§ Description of the task
Lines before the one with "this 1280×1223 image." are left out; return that line and all that follow it, exactly, through the end of the data.

Text-to-region grounding data
◆ ◆ ◆ ◆ ◆ ◆ ◆
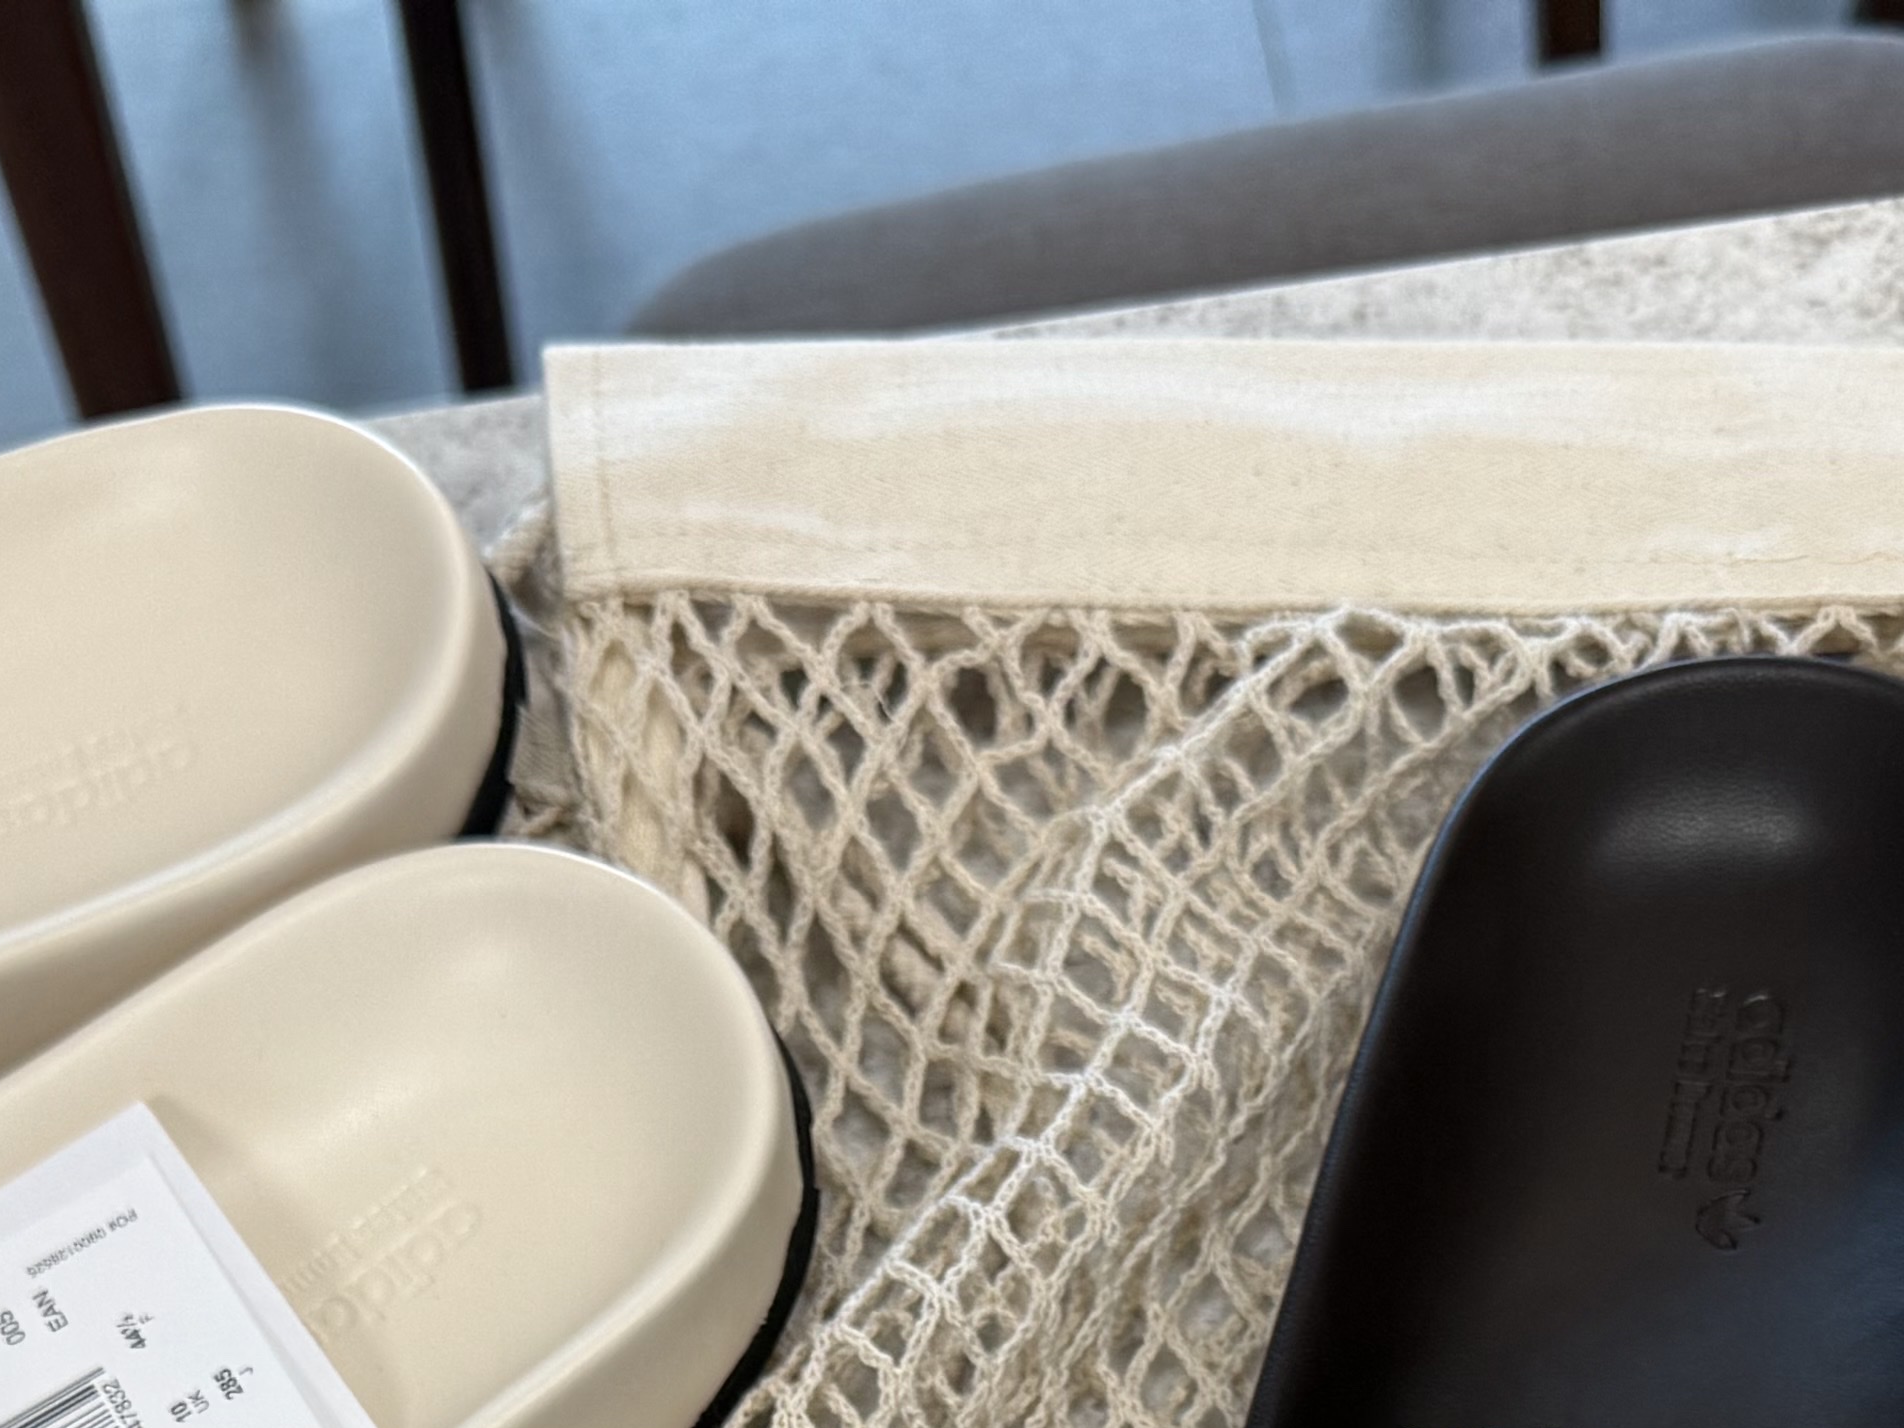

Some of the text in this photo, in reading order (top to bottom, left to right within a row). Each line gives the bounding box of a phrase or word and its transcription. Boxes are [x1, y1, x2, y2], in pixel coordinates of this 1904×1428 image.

[32, 1288, 69, 1333] EAN
[212, 1367, 245, 1401] 285
[169, 1400, 192, 1424] 10
[187, 1388, 211, 1414] UK
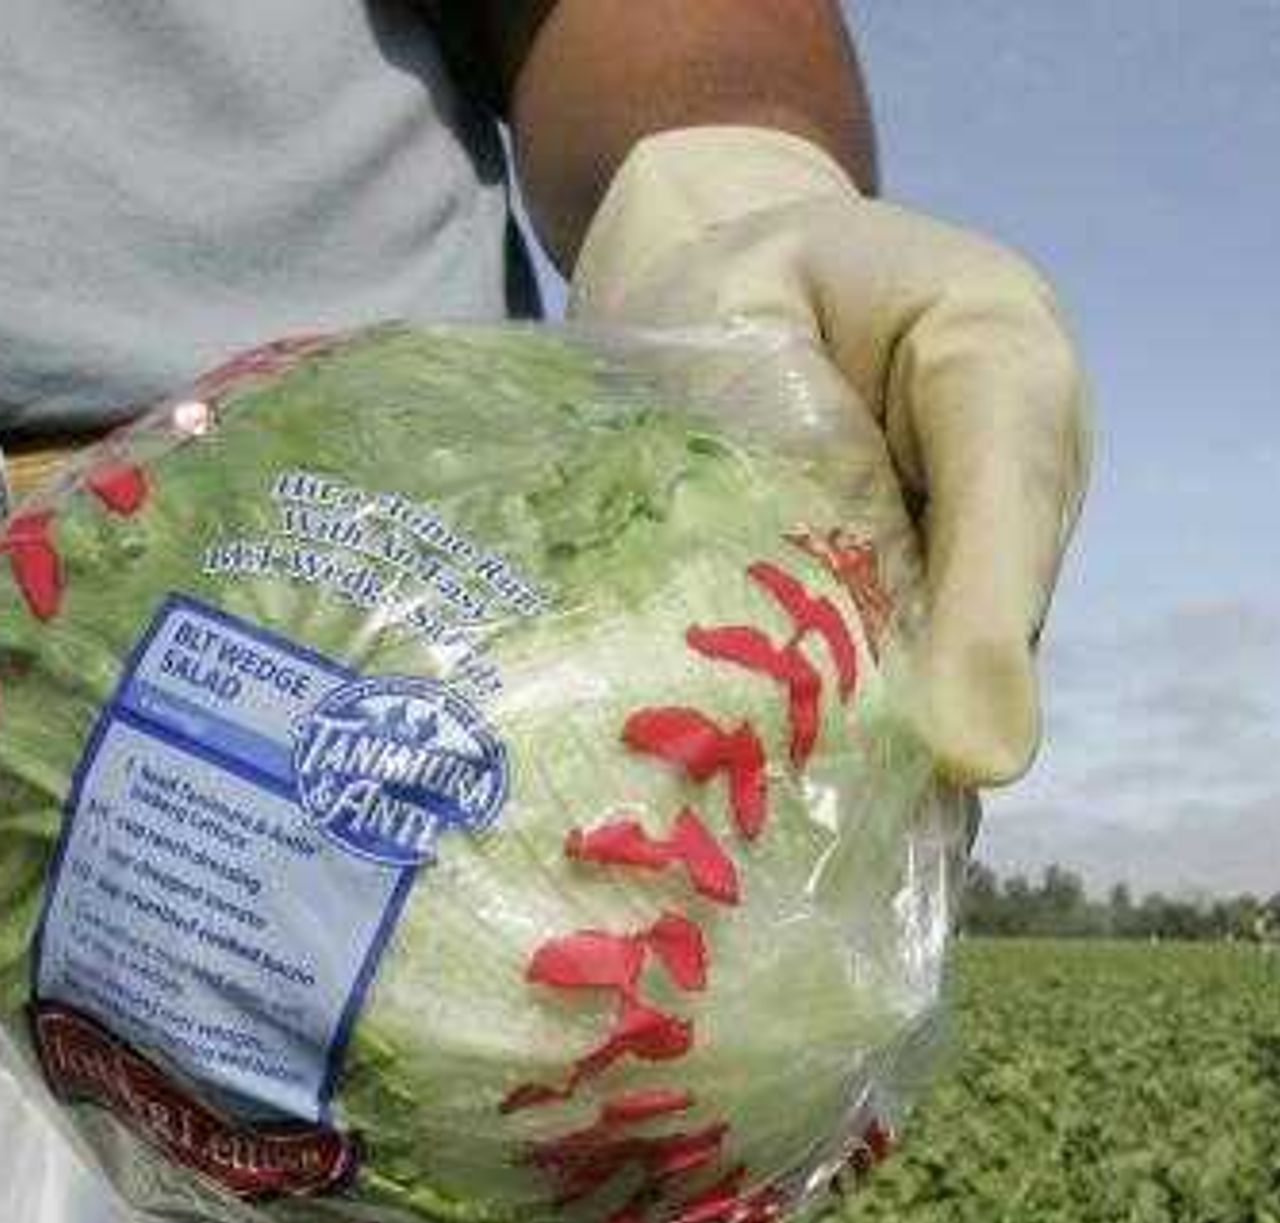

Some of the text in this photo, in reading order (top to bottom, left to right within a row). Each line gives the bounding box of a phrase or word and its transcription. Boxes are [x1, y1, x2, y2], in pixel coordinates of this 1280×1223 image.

[161, 648, 243, 699] SALAD
[175, 621, 311, 700] BLT WEDGE
◆ ◆ ◆ ◆ ◆ ◆ ◆
§ Answer to this problem
Some of the text in this photo, in reading order (top to bottom, left to right within a row). Each line gives the bounding box of a phrase or word and its transcription. Boxes are [x1, y1, x2, y2], in pixel coordinates of this 1280×1223 image.

[161, 648, 243, 699] SALAD
[175, 621, 311, 700] BLT WEDGE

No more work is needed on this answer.